Your goal
Please transcribe the data below in full. Omit any picture you find in it.
==================================================
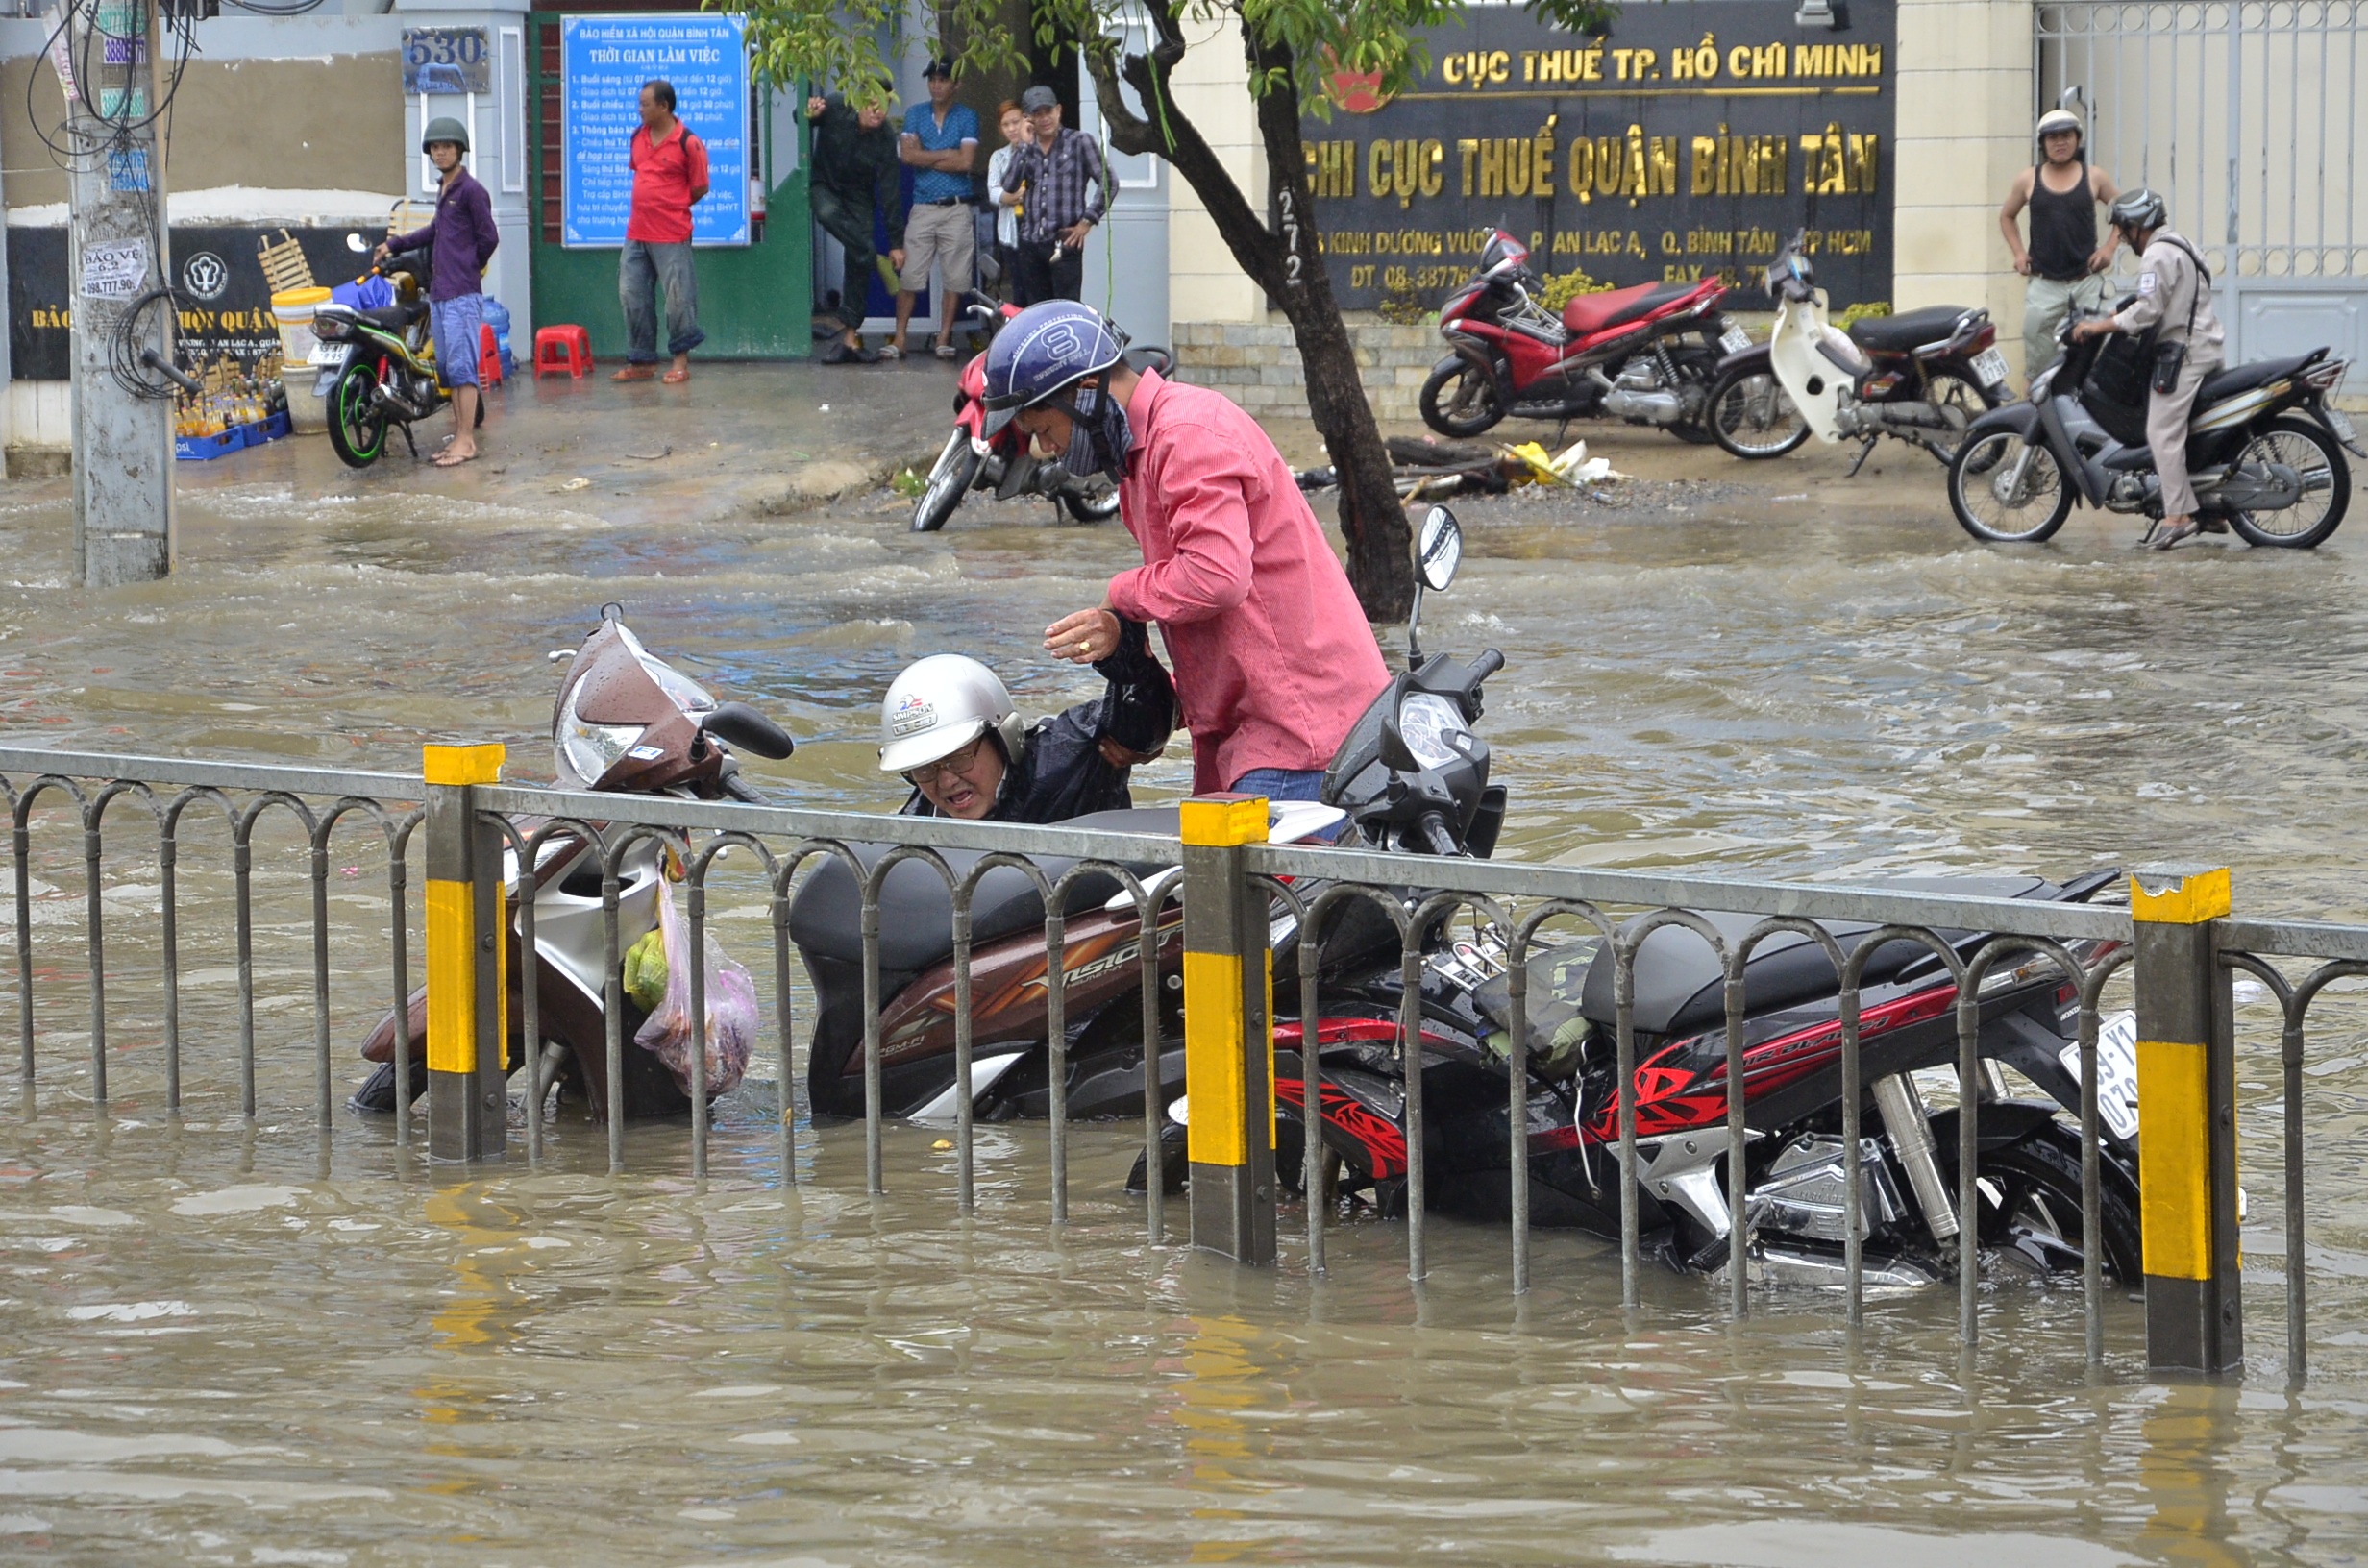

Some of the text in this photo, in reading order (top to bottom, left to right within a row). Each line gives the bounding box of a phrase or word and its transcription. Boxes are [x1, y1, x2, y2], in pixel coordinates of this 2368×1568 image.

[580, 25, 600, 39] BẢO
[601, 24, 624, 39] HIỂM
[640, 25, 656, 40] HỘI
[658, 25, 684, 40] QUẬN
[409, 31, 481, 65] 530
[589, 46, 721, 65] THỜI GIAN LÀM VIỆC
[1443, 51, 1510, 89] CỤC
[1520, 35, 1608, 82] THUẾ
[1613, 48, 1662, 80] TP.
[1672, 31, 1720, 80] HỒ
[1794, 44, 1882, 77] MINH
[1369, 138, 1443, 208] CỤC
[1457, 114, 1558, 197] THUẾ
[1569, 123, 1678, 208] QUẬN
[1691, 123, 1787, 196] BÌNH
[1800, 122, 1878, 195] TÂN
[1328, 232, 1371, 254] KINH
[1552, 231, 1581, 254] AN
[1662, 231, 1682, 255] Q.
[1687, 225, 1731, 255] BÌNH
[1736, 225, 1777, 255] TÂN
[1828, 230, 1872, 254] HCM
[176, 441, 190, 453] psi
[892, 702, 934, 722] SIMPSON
==================================================
Answer section
Some of the text in this photo, in reading order (top to bottom, left to right within a row). Each line gives the bounding box of a phrase or word and its transcription. Boxes are [x1, y1, x2, y2], in pixel coordinates of this 2368×1568 image.

[580, 25, 600, 39] BẢO
[601, 24, 624, 39] HIỂM
[640, 25, 656, 40] HỘI
[658, 25, 684, 40] QUẬN
[409, 31, 481, 65] 530
[589, 46, 721, 65] THỜI GIAN LÀM VIỆC
[1443, 51, 1510, 89] CỤC
[1520, 35, 1608, 82] THUẾ
[1613, 48, 1662, 80] TP.
[1672, 31, 1720, 80] HỒ
[1794, 44, 1882, 77] MINH
[1369, 138, 1443, 208] CỤC
[1457, 114, 1558, 197] THUẾ
[1569, 123, 1678, 208] QUẬN
[1691, 123, 1787, 196] BÌNH
[1800, 122, 1878, 195] TÂN
[1328, 232, 1371, 254] KINH
[1552, 231, 1581, 254] AN
[1662, 231, 1682, 255] Q.
[1687, 225, 1731, 255] BÌNH
[1736, 225, 1777, 255] TÂN
[1828, 230, 1872, 254] HCM
[176, 441, 190, 453] psi
[892, 702, 934, 722] SIMPSON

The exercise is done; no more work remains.